Each entry below is to be written out exactly, and the pictures are to be left out.

Annotated photo localization data:
=-=-=-=-=
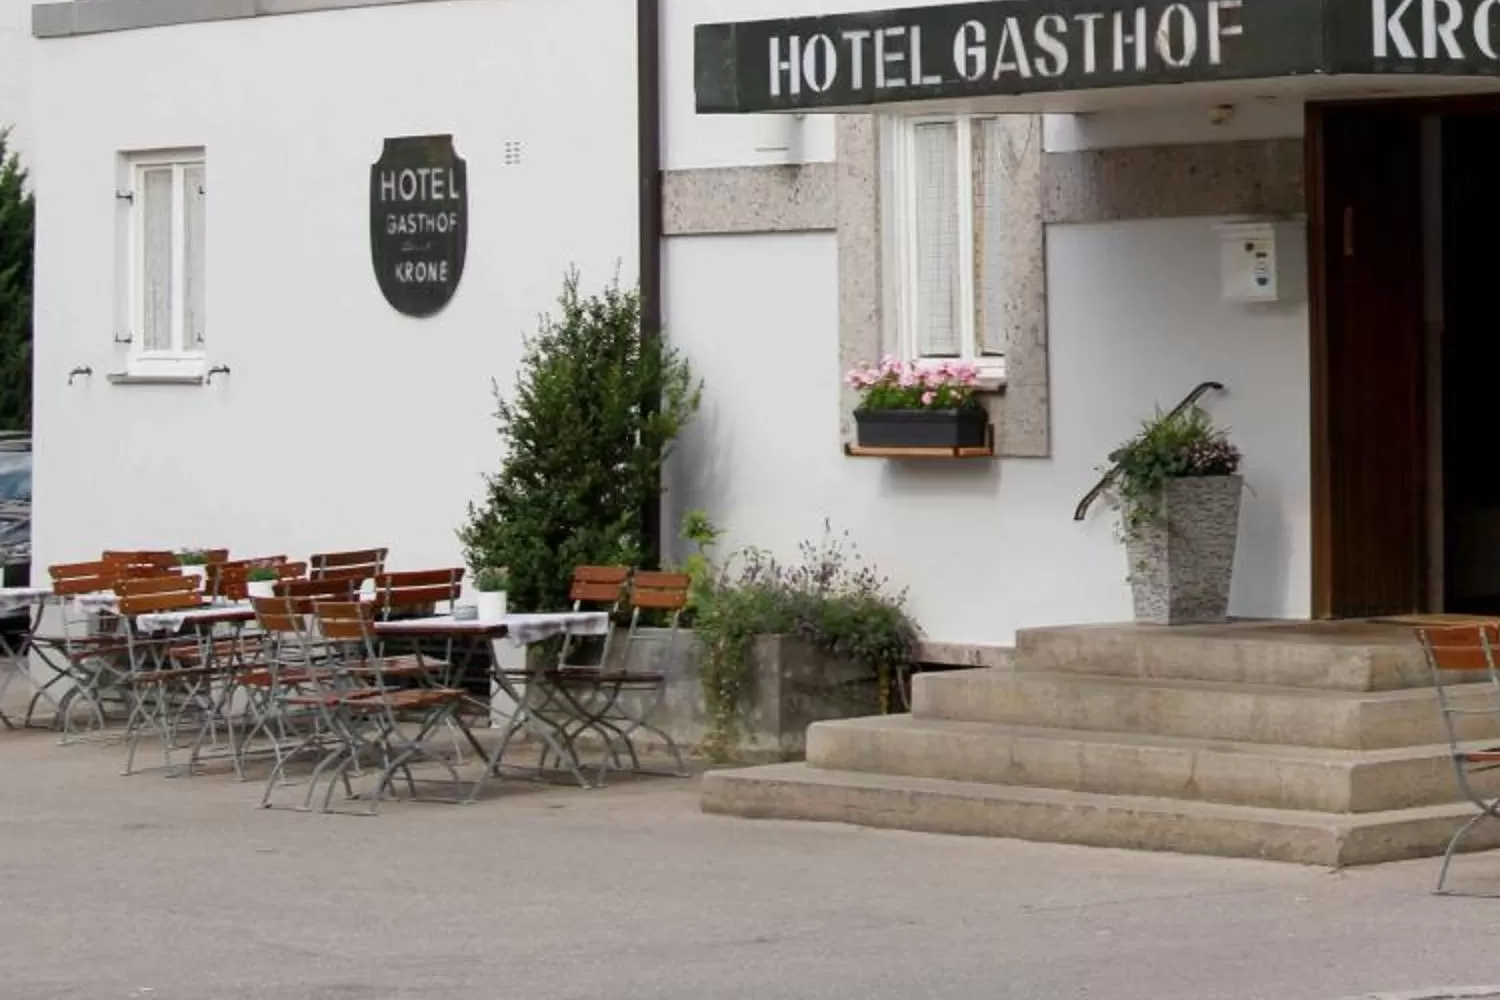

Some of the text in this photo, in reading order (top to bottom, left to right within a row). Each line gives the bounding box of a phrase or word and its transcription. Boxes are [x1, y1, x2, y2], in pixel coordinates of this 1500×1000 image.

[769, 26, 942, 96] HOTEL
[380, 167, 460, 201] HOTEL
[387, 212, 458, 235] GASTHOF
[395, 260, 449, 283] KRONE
=-=-=-=-=
> **TASK RESULT**:
Some of the text in this photo, in reading order (top to bottom, left to right within a row). Each line gives the bounding box of a phrase or word and its transcription. Boxes are [x1, y1, x2, y2], in pixel coordinates of this 1500×1000 image.

[769, 26, 942, 96] HOTEL
[380, 167, 460, 201] HOTEL
[387, 212, 458, 235] GASTHOF
[395, 260, 449, 283] KRONE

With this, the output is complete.